The whole listing below must be printed again exactly, images excluded.

--

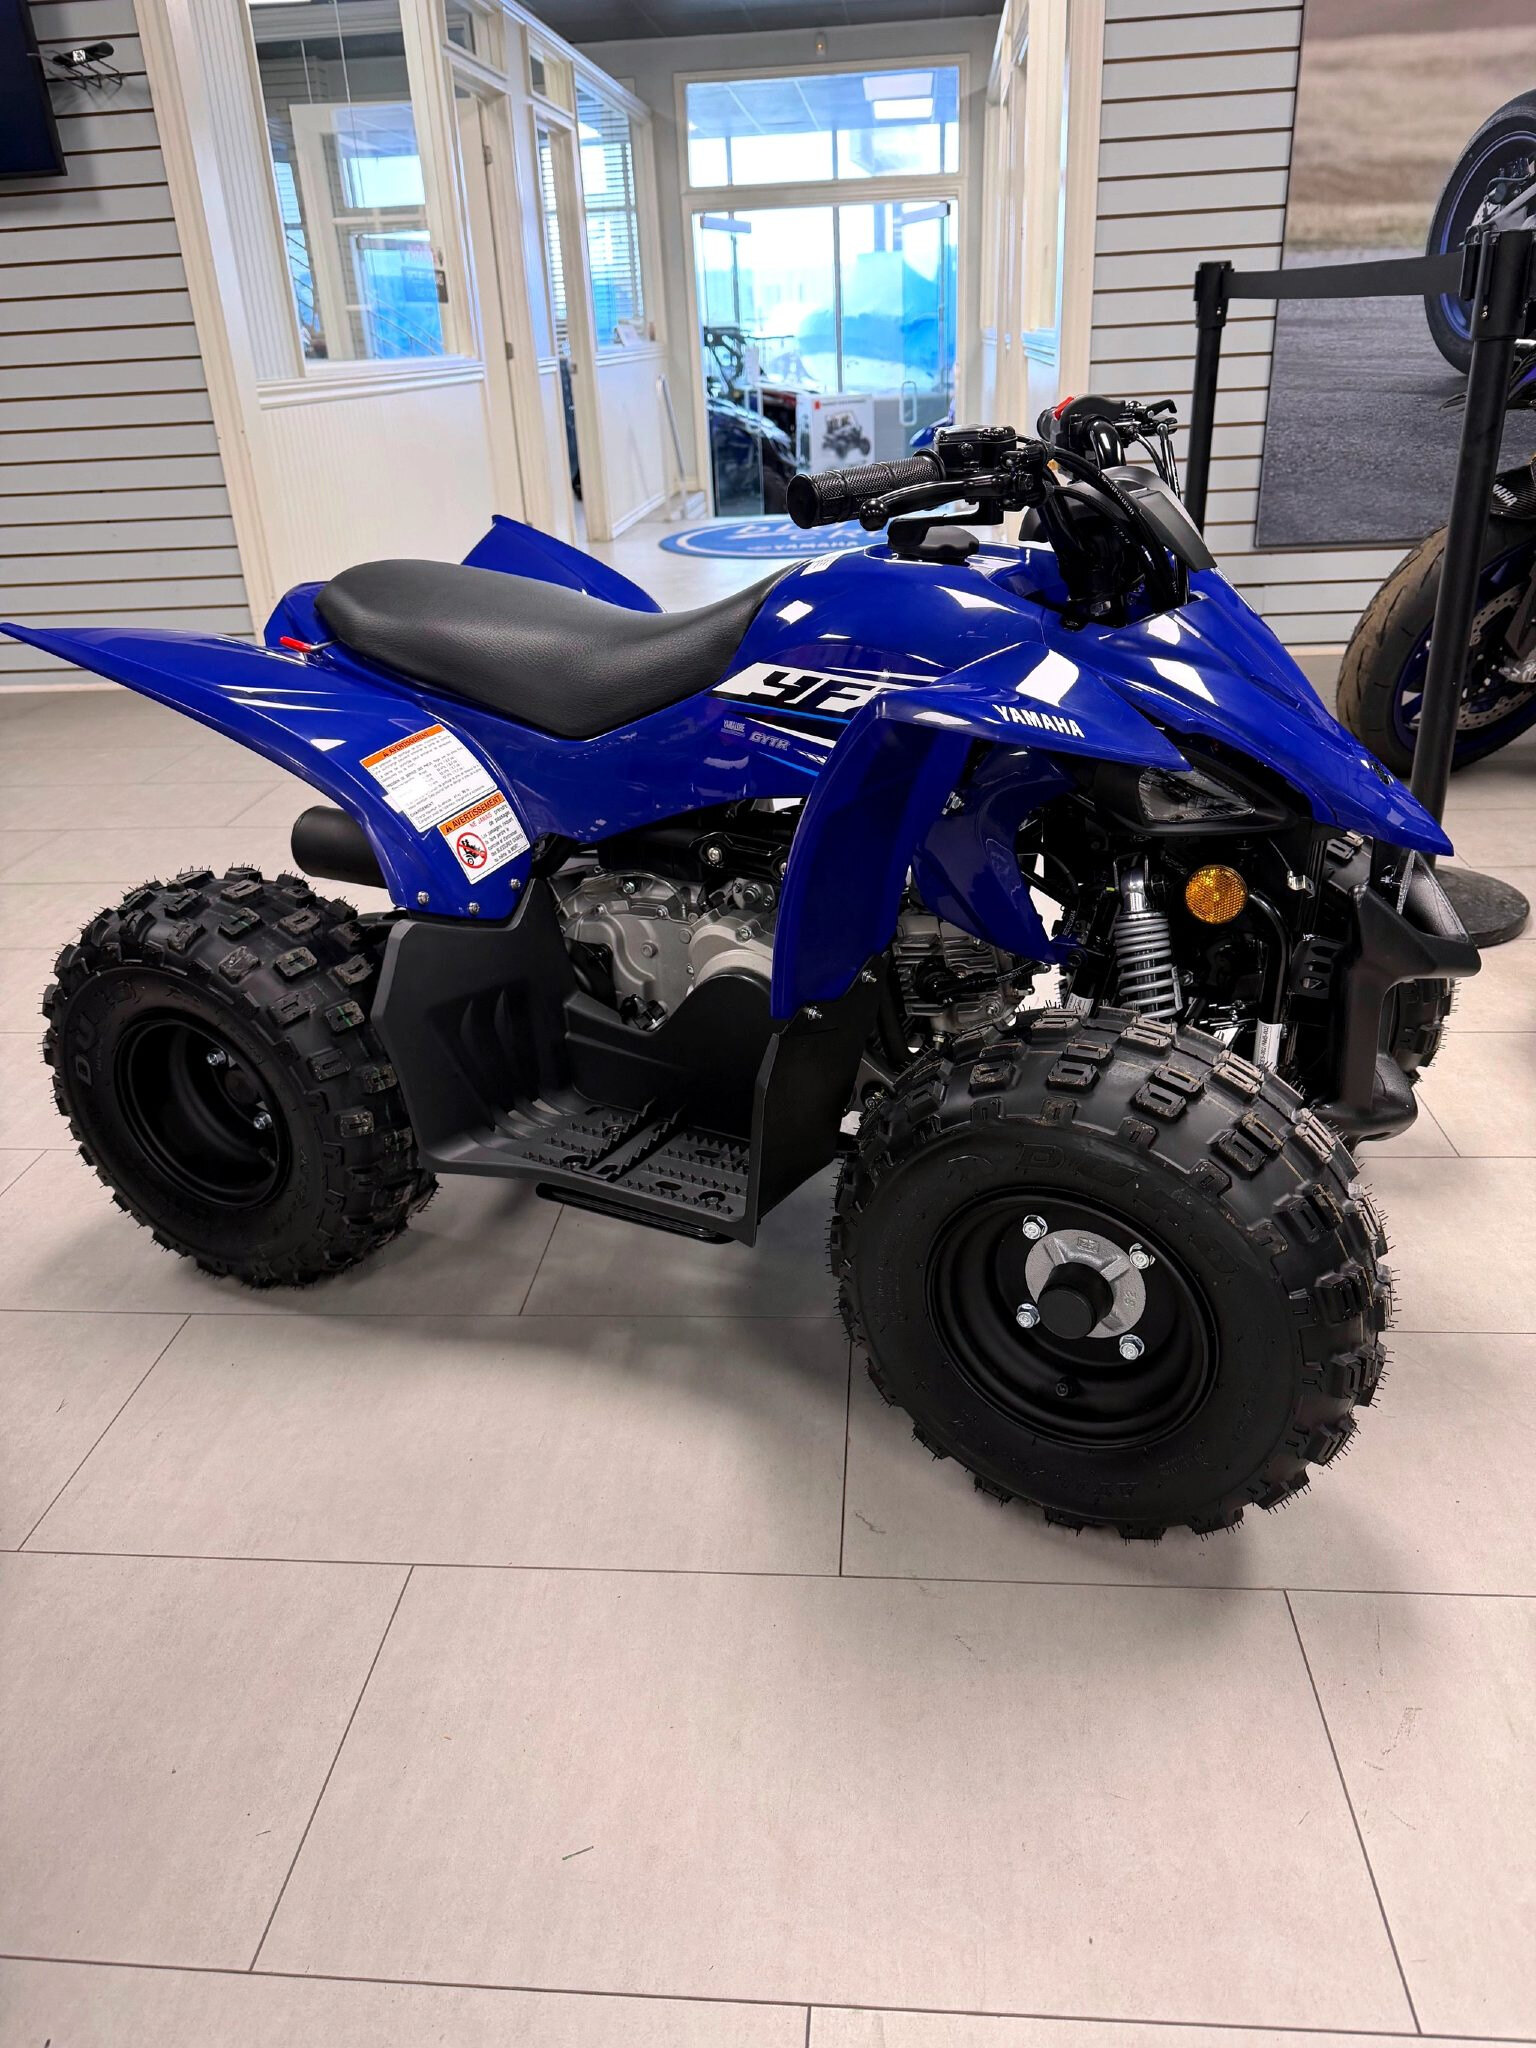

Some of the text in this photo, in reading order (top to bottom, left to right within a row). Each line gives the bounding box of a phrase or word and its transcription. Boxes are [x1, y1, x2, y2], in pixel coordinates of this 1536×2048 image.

[1493, 483, 1519, 507] MAHA
[991, 703, 1085, 738] YAMAHA
[749, 731, 791, 752] GYTR
[451, 794, 502, 829] AVERTISSEMENT

--

EXERCISE ANSWER:
Some of the text in this photo, in reading order (top to bottom, left to right within a row). Each line gives the bounding box of a phrase or word and its transcription. Boxes are [x1, y1, x2, y2], in pixel coordinates of this 1536×2048 image.

[1493, 483, 1519, 507] MAHA
[991, 703, 1085, 738] YAMAHA
[749, 731, 791, 752] GYTR
[451, 794, 502, 829] AVERTISSEMENT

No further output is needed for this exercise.